> Task brief
From the first line to the last, please write out the data exactly.

◇ ◇ ◇

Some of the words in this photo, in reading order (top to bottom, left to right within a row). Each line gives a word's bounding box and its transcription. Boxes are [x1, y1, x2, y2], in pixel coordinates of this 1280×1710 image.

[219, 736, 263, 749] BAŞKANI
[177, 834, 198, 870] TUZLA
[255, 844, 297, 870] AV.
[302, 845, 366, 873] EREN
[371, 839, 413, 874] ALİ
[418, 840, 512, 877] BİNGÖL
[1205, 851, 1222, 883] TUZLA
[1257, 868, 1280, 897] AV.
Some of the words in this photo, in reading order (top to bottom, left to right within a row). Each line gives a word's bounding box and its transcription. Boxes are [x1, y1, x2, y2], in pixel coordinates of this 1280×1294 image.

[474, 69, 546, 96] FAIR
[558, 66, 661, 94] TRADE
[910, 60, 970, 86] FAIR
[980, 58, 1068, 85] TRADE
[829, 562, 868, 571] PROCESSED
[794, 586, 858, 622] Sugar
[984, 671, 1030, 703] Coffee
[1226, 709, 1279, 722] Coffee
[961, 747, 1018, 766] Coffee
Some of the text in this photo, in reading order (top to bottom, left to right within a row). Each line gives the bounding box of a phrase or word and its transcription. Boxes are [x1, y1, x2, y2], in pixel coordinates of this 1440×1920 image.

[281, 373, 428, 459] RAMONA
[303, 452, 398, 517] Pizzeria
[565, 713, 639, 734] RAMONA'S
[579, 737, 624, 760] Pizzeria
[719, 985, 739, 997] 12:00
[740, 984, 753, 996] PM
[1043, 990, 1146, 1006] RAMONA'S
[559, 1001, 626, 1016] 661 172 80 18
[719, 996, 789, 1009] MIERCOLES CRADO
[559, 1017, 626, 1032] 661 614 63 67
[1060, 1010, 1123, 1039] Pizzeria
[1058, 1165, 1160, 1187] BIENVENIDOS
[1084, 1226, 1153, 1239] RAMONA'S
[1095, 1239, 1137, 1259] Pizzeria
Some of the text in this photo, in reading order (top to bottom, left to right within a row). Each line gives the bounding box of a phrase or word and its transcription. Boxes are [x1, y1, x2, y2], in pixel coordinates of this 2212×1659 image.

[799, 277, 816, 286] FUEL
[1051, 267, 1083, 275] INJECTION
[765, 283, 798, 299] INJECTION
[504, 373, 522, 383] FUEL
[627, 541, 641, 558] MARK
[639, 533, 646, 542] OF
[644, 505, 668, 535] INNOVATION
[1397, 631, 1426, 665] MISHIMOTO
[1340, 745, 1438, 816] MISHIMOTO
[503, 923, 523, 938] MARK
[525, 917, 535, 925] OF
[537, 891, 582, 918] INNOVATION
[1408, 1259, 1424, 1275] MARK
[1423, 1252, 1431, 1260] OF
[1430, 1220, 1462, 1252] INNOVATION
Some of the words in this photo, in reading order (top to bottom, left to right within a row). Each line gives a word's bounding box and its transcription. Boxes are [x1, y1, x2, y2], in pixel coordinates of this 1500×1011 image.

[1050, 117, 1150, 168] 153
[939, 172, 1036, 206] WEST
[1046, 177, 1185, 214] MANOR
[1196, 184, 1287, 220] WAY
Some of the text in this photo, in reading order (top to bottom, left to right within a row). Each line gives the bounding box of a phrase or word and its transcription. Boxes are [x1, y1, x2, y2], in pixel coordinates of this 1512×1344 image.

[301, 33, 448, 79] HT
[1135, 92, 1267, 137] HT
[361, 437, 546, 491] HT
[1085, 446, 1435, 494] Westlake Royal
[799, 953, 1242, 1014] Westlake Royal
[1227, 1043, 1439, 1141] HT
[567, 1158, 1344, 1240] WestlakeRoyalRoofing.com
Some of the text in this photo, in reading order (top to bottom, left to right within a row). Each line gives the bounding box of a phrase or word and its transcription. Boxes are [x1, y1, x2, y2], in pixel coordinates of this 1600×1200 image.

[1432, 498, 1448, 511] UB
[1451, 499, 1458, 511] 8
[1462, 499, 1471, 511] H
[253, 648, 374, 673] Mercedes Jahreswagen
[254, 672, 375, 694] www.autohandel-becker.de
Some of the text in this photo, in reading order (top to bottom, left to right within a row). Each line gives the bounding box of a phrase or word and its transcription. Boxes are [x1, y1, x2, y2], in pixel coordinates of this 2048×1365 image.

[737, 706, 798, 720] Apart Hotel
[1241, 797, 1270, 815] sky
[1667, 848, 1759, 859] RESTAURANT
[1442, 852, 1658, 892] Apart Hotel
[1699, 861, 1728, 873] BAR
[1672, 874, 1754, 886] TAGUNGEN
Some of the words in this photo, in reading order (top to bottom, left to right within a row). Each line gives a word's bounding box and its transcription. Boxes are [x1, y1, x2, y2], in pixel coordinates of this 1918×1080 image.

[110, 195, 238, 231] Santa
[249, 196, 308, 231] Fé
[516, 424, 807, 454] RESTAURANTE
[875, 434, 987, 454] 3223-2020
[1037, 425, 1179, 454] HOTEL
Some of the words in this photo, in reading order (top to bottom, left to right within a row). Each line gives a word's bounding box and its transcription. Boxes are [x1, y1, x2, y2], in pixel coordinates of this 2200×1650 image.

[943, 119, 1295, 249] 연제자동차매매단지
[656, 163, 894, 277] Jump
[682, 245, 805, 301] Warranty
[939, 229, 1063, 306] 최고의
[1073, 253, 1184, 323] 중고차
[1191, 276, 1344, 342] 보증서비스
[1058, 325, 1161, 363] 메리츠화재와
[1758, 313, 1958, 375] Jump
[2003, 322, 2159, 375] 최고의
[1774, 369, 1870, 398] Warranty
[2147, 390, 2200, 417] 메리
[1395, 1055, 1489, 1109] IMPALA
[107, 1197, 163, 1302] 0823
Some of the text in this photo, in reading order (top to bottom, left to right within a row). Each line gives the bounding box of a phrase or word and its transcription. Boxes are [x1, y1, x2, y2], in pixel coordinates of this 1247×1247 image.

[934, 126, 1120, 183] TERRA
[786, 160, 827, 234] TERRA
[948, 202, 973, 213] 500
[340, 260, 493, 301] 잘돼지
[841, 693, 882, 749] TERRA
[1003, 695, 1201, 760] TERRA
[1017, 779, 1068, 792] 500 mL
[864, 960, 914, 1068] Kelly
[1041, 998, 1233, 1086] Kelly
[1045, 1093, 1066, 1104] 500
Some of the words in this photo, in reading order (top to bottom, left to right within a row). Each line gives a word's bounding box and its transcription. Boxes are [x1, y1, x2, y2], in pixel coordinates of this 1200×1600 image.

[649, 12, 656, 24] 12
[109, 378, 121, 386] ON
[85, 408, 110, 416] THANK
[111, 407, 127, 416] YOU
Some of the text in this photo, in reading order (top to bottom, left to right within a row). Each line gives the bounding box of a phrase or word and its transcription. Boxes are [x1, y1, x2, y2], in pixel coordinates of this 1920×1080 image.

◇ ◇ ◇

> Solution to this problem
Some of the words in this photo, in reading order (top to bottom, left to right within a row). Each line gives a word's bounding box and its transcription. Boxes are [x1, y1, x2, y2], in pixel coordinates of this 1280×1710 image.

[219, 736, 263, 749] BAŞKANI
[177, 834, 198, 870] TUZLA
[255, 844, 297, 870] AV.
[302, 845, 366, 873] EREN
[371, 839, 413, 874] ALİ
[418, 840, 512, 877] BİNGÖL
[1205, 851, 1222, 883] TUZLA
[1257, 868, 1280, 897] AV.
Some of the words in this photo, in reading order (top to bottom, left to right within a row). Each line gives a word's bounding box and its transcription. Boxes are [x1, y1, x2, y2], in pixel coordinates of this 1280×1294 image.

[474, 69, 546, 96] FAIR
[558, 66, 661, 94] TRADE
[910, 60, 970, 86] FAIR
[980, 58, 1068, 85] TRADE
[829, 562, 868, 571] PROCESSED
[794, 586, 858, 622] Sugar
[984, 671, 1030, 703] Coffee
[1226, 709, 1279, 722] Coffee
[961, 747, 1018, 766] Coffee
Some of the text in this photo, in reading order (top to bottom, left to right within a row). Each line gives the bounding box of a phrase or word and its transcription. Boxes are [x1, y1, x2, y2], in pixel coordinates of this 1440×1920 image.

[281, 373, 428, 459] RAMONA
[303, 452, 398, 517] Pizzeria
[565, 713, 639, 734] RAMONA'S
[579, 737, 624, 760] Pizzeria
[719, 985, 739, 997] 12:00
[740, 984, 753, 996] PM
[1043, 990, 1146, 1006] RAMONA'S
[559, 1001, 626, 1016] 661 172 80 18
[719, 996, 789, 1009] MIERCOLES CRADO
[559, 1017, 626, 1032] 661 614 63 67
[1060, 1010, 1123, 1039] Pizzeria
[1058, 1165, 1160, 1187] BIENVENIDOS
[1084, 1226, 1153, 1239] RAMONA'S
[1095, 1239, 1137, 1259] Pizzeria
Some of the text in this photo, in reading order (top to bottom, left to right within a row). Each line gives the bounding box of a phrase or word and its transcription. Boxes are [x1, y1, x2, y2], in pixel coordinates of this 2212×1659 image.

[799, 277, 816, 286] FUEL
[1051, 267, 1083, 275] INJECTION
[765, 283, 798, 299] INJECTION
[504, 373, 522, 383] FUEL
[627, 541, 641, 558] MARK
[639, 533, 646, 542] OF
[644, 505, 668, 535] INNOVATION
[1397, 631, 1426, 665] MISHIMOTO
[1340, 745, 1438, 816] MISHIMOTO
[503, 923, 523, 938] MARK
[525, 917, 535, 925] OF
[537, 891, 582, 918] INNOVATION
[1408, 1259, 1424, 1275] MARK
[1423, 1252, 1431, 1260] OF
[1430, 1220, 1462, 1252] INNOVATION
Some of the words in this photo, in reading order (top to bottom, left to right within a row). Each line gives a word's bounding box and its transcription. Boxes are [x1, y1, x2, y2], in pixel coordinates of this 1500×1011 image.

[1050, 117, 1150, 168] 153
[939, 172, 1036, 206] WEST
[1046, 177, 1185, 214] MANOR
[1196, 184, 1287, 220] WAY
Some of the text in this photo, in reading order (top to bottom, left to right within a row). Each line gives the bounding box of a phrase or word and its transcription. Boxes are [x1, y1, x2, y2], in pixel coordinates of this 1512×1344 image.

[301, 33, 448, 79] HT
[1135, 92, 1267, 137] HT
[361, 437, 546, 491] HT
[1085, 446, 1435, 494] Westlake Royal
[799, 953, 1242, 1014] Westlake Royal
[1227, 1043, 1439, 1141] HT
[567, 1158, 1344, 1240] WestlakeRoyalRoofing.com
Some of the text in this photo, in reading order (top to bottom, left to right within a row). Each line gives the bounding box of a phrase or word and its transcription. Boxes are [x1, y1, x2, y2], in pixel coordinates of this 1600×1200 image.

[1432, 498, 1448, 511] UB
[1451, 499, 1458, 511] 8
[1462, 499, 1471, 511] H
[253, 648, 374, 673] Mercedes Jahreswagen
[254, 672, 375, 694] www.autohandel-becker.de
Some of the text in this photo, in reading order (top to bottom, left to right within a row). Each line gives the bounding box of a phrase or word and its transcription. Boxes are [x1, y1, x2, y2], in pixel coordinates of this 2048×1365 image.

[737, 706, 798, 720] Apart Hotel
[1241, 797, 1270, 815] sky
[1667, 848, 1759, 859] RESTAURANT
[1442, 852, 1658, 892] Apart Hotel
[1699, 861, 1728, 873] BAR
[1672, 874, 1754, 886] TAGUNGEN
Some of the words in this photo, in reading order (top to bottom, left to right within a row). Each line gives a word's bounding box and its transcription. Boxes are [x1, y1, x2, y2], in pixel coordinates of this 1918×1080 image.

[110, 195, 238, 231] Santa
[249, 196, 308, 231] Fé
[516, 424, 807, 454] RESTAURANTE
[875, 434, 987, 454] 3223-2020
[1037, 425, 1179, 454] HOTEL
Some of the words in this photo, in reading order (top to bottom, left to right within a row). Each line gives a word's bounding box and its transcription. Boxes are [x1, y1, x2, y2], in pixel coordinates of this 2200×1650 image.

[943, 119, 1295, 249] 연제자동차매매단지
[656, 163, 894, 277] Jump
[682, 245, 805, 301] Warranty
[939, 229, 1063, 306] 최고의
[1073, 253, 1184, 323] 중고차
[1191, 276, 1344, 342] 보증서비스
[1058, 325, 1161, 363] 메리츠화재와
[1758, 313, 1958, 375] Jump
[2003, 322, 2159, 375] 최고의
[1774, 369, 1870, 398] Warranty
[2147, 390, 2200, 417] 메리
[1395, 1055, 1489, 1109] IMPALA
[107, 1197, 163, 1302] 0823
Some of the text in this photo, in reading order (top to bottom, left to right within a row). Each line gives the bounding box of a phrase or word and its transcription. Boxes are [x1, y1, x2, y2], in pixel coordinates of this 1247×1247 image.

[934, 126, 1120, 183] TERRA
[786, 160, 827, 234] TERRA
[948, 202, 973, 213] 500
[340, 260, 493, 301] 잘돼지
[841, 693, 882, 749] TERRA
[1003, 695, 1201, 760] TERRA
[1017, 779, 1068, 792] 500 mL
[864, 960, 914, 1068] Kelly
[1041, 998, 1233, 1086] Kelly
[1045, 1093, 1066, 1104] 500
Some of the words in this photo, in reading order (top to bottom, left to right within a row). Each line gives a word's bounding box and its transcription. Boxes are [x1, y1, x2, y2], in pixel coordinates of this 1200×1600 image.

[649, 12, 656, 24] 12
[109, 378, 121, 386] ON
[85, 408, 110, 416] THANK
[111, 407, 127, 416] YOU
Some of the text in this photo, in reading order (top to bottom, left to right within a row). Each line gives the bounding box of a phrase or word and its transcription. Boxes are [x1, y1, x2, y2], in pixel coordinates of this 1920×1080 image.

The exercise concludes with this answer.